(ENTRIES SUPPLIED)
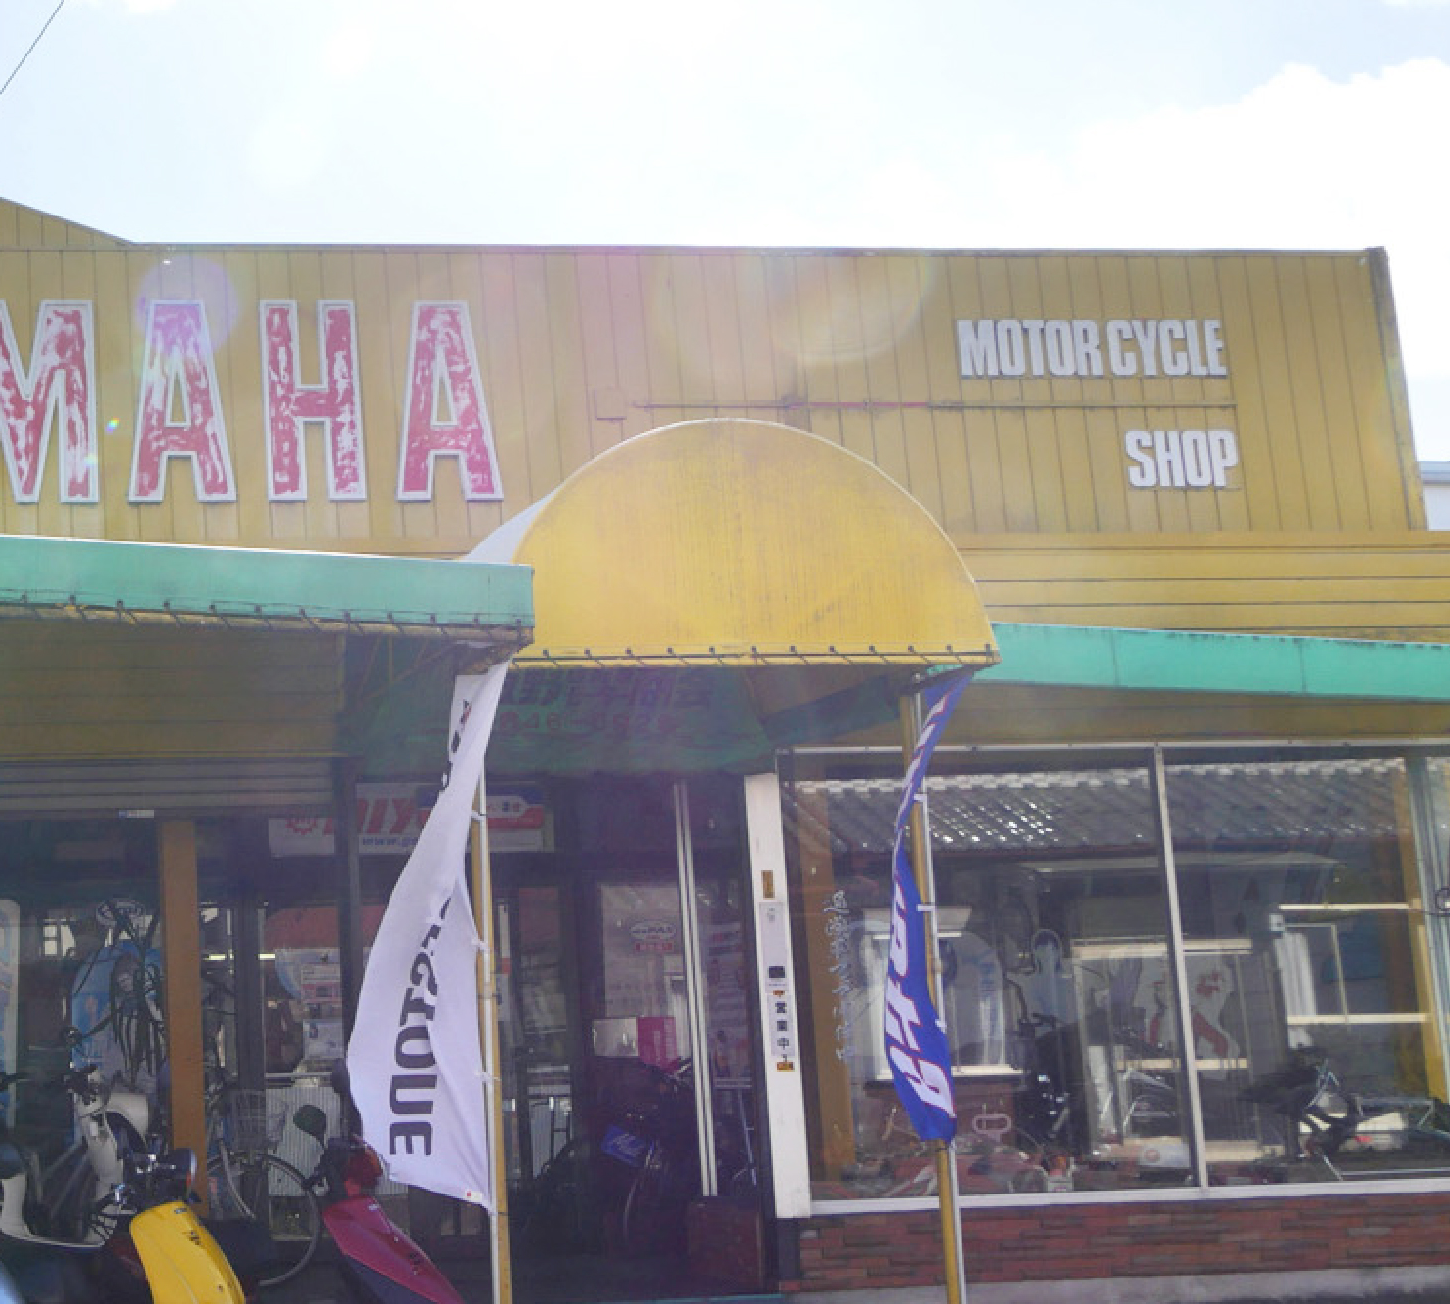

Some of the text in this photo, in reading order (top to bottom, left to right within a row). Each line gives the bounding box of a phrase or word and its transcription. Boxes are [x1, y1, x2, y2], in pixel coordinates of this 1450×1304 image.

[957, 318, 1227, 378] MOTOR CYCLE
[1125, 429, 1238, 488] SHOP
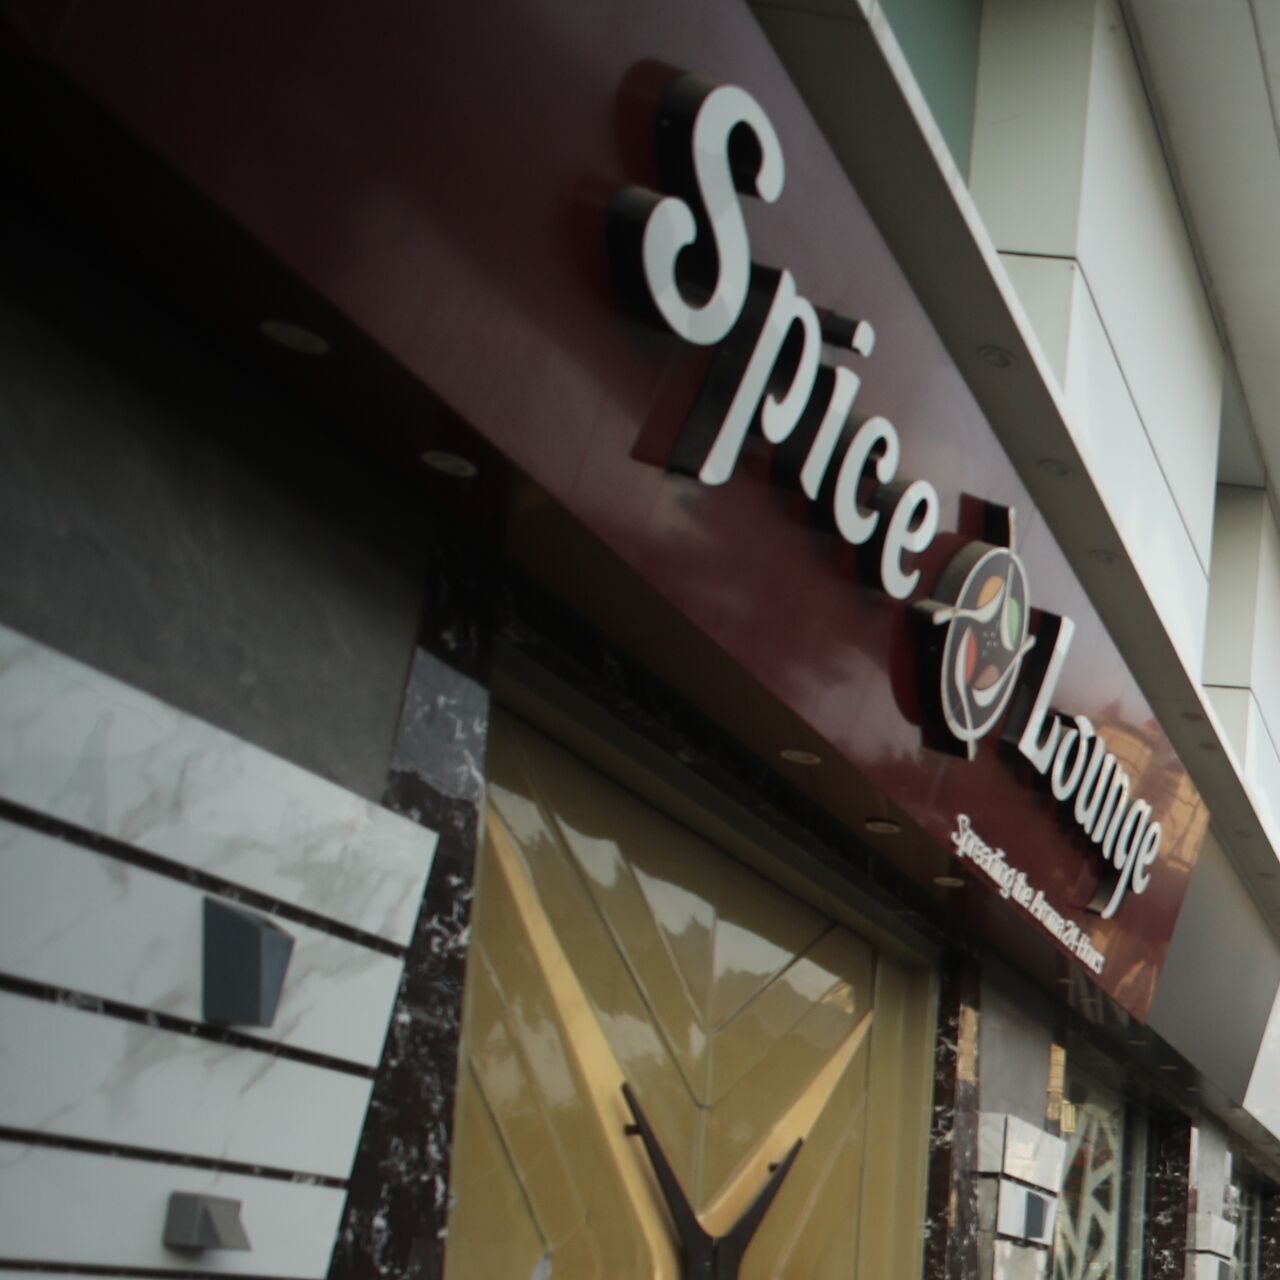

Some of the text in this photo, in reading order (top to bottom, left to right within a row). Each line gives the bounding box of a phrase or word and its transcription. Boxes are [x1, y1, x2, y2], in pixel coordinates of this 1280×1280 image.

[642, 84, 1162, 919] Spice Lounge
[1011, 872, 1034, 908] the
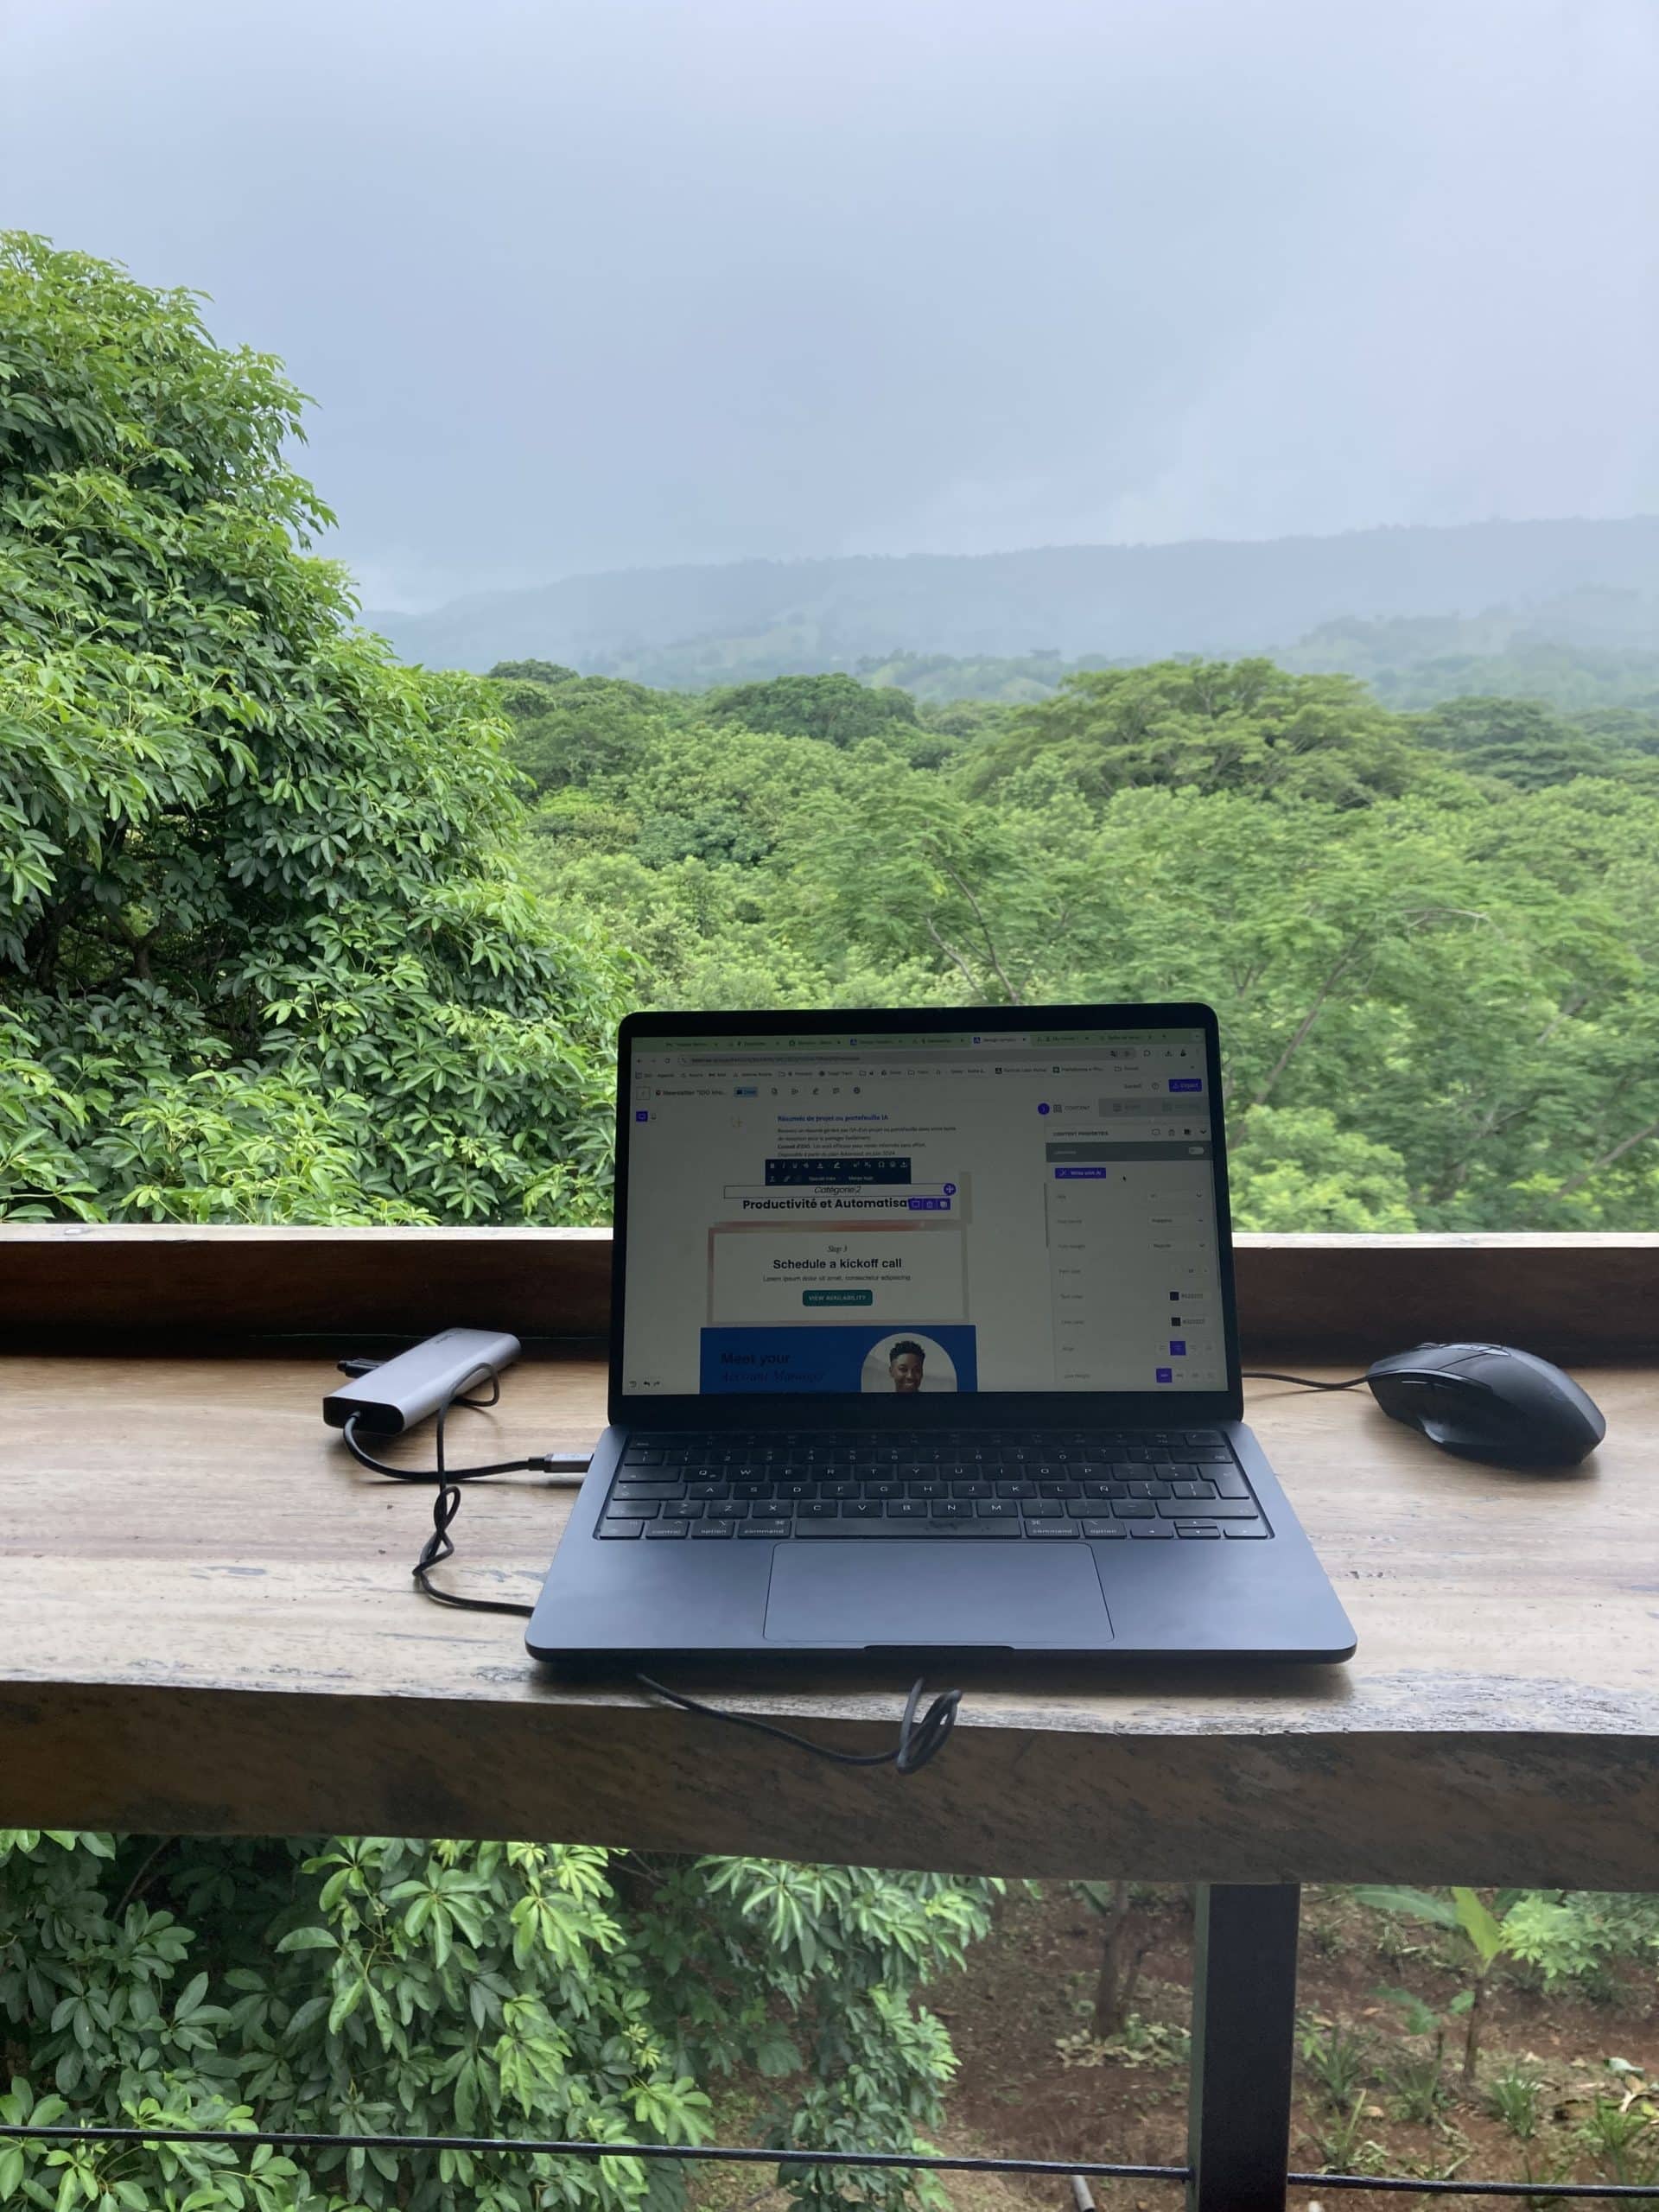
(End ENTRIES SUPPLIED)
- [WHAT TO PRODUCE] Repeat each record verbatim, pictures excluded.

- [RESPONSE BELOW]
Some of the text in this photo, in reading order (top to bottom, left to right within a row). Each line gives the bounding box of a phrase or word and its transcription. Boxes are [x1, y1, x2, y2], in pixel coordinates of this 1450×1304 image.

[957, 318, 1227, 378] MOTOR CYCLE
[1125, 429, 1238, 488] SHOP

Some of the text in this photo, in reading order (top to bottom, left to right within a row). Each line gives the bounding box of a phrase or word and its transcription. Boxes are [x1, y1, x2, y2], in pixel coordinates of this 1280×1280 image.

[642, 84, 1162, 919] Spice Lounge
[1011, 872, 1034, 908] the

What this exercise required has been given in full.